» **What is being asked**
Under this line sits a listing. Repeat exactly and only its lines from the one holding "Some of the text" through the one holding "this 1659×1452 image."; skip pictures.

» **Exercise material**

*** Block opens ***

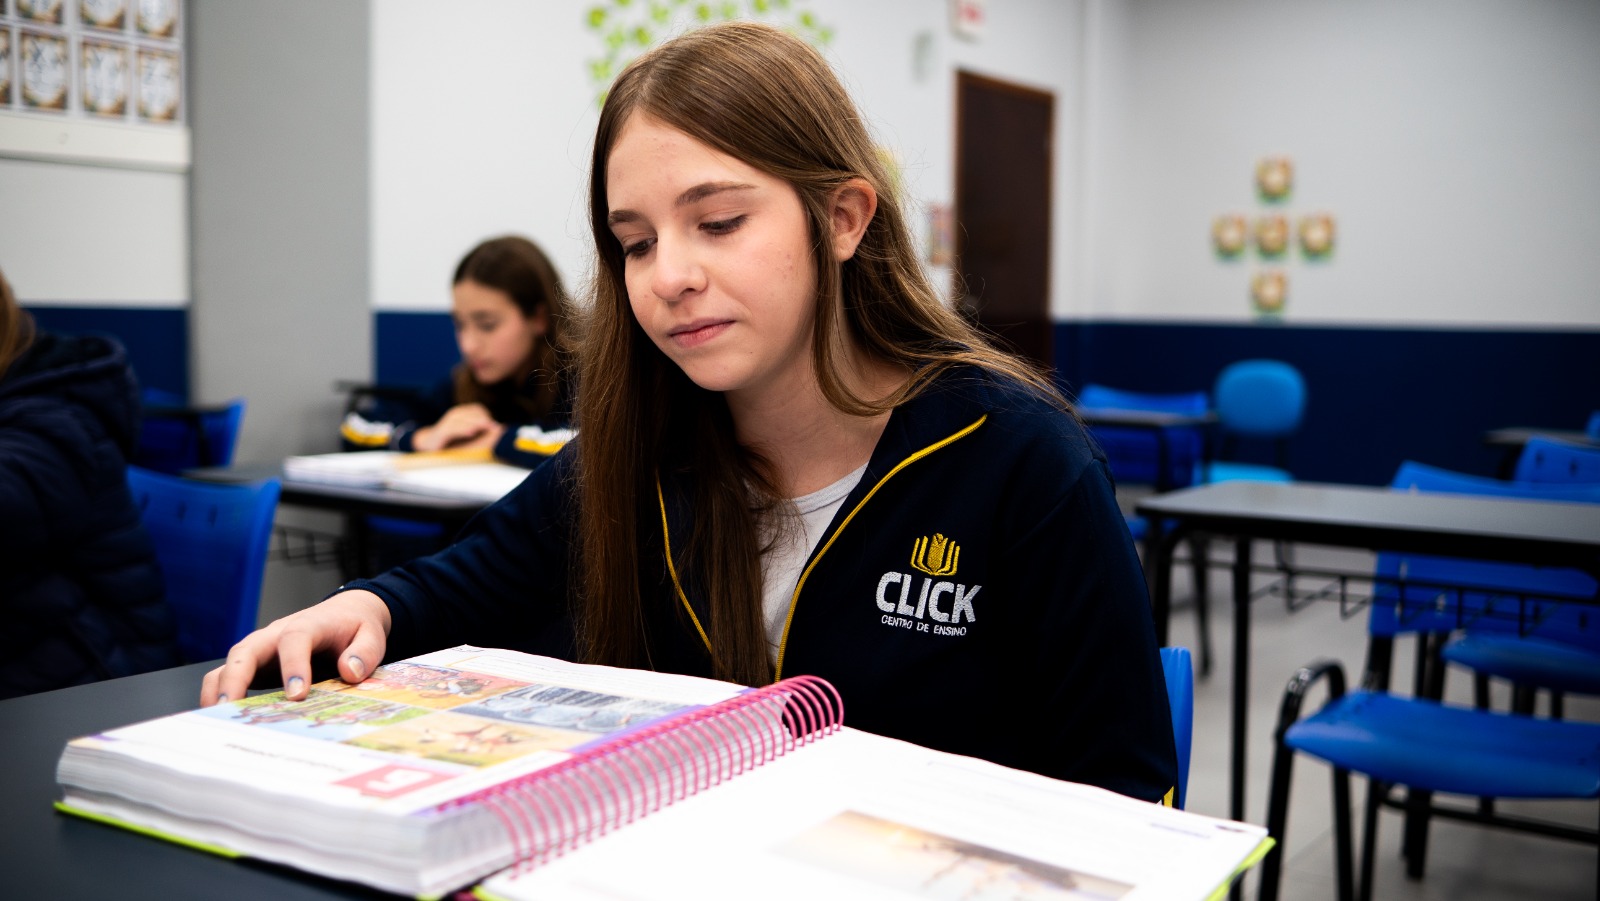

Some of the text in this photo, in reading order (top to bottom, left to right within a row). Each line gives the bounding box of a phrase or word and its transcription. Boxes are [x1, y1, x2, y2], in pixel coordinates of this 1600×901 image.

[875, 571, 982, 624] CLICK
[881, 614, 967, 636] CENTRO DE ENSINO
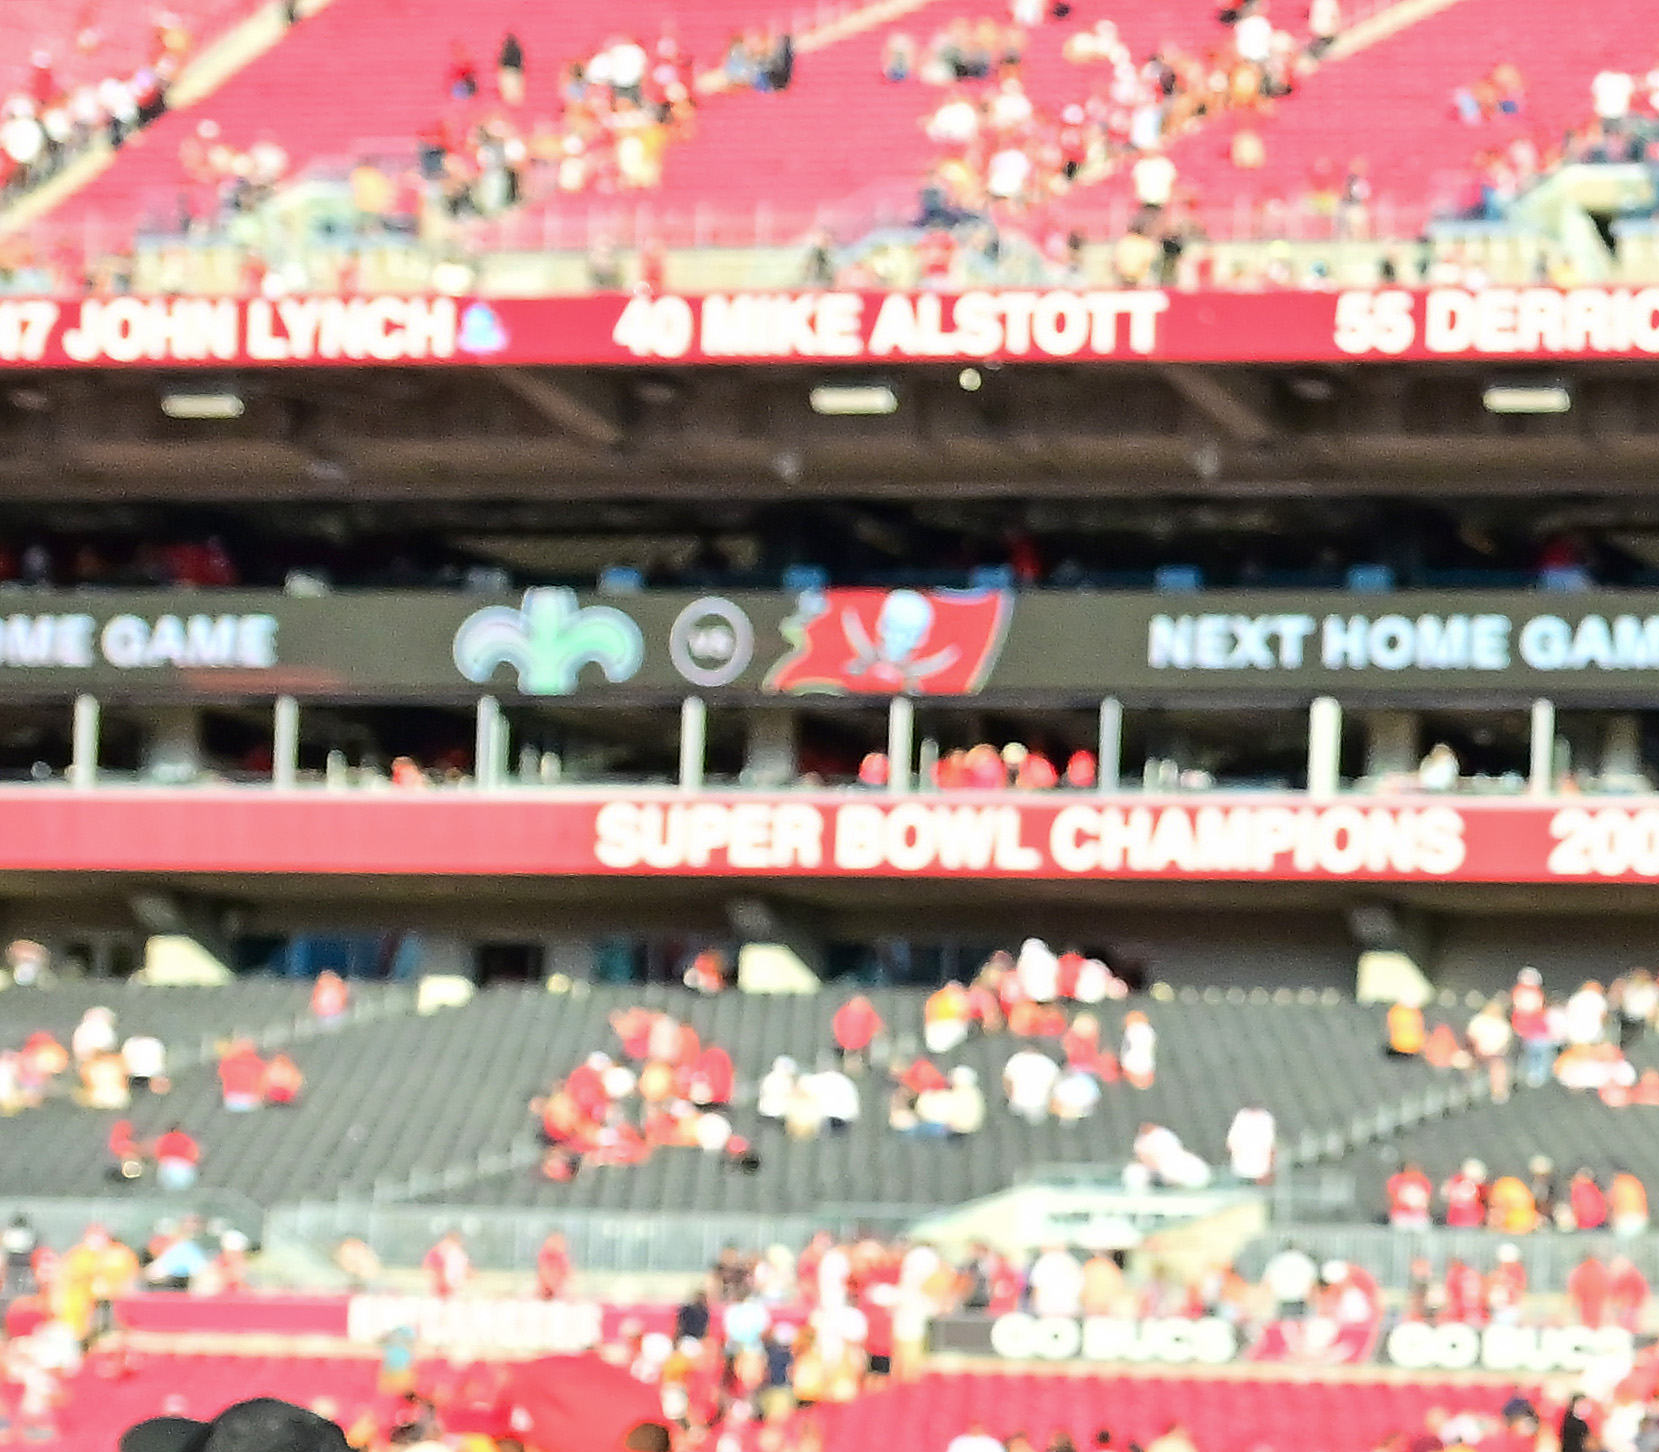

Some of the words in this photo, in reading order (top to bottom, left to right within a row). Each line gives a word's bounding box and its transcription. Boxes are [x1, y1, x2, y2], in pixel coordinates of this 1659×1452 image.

*** Block closes ***
*** Block opens ***

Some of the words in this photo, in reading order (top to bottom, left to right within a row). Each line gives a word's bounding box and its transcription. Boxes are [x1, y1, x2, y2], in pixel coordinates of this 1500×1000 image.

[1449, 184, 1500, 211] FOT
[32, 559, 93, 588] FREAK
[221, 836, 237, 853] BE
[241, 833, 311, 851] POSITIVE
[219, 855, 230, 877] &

*** Block closes ***

» **Written answer**
Some of the text in this photo, in reading order (top to bottom, left to right within a row). Each line gives the bounding box of a phrase or word and its transcription. Boxes are [x1, y1, x2, y2], in pixel coordinates of this 1600×901 image.

[875, 571, 982, 624] CLICK
[881, 614, 967, 636] CENTRO DE ENSINO

Some of the words in this photo, in reading order (top to bottom, left to right within a row). Each line gives a word's bounding box and its transcription. Boxes are [x1, y1, x2, y2], in pixel coordinates of this 1659×1452 image.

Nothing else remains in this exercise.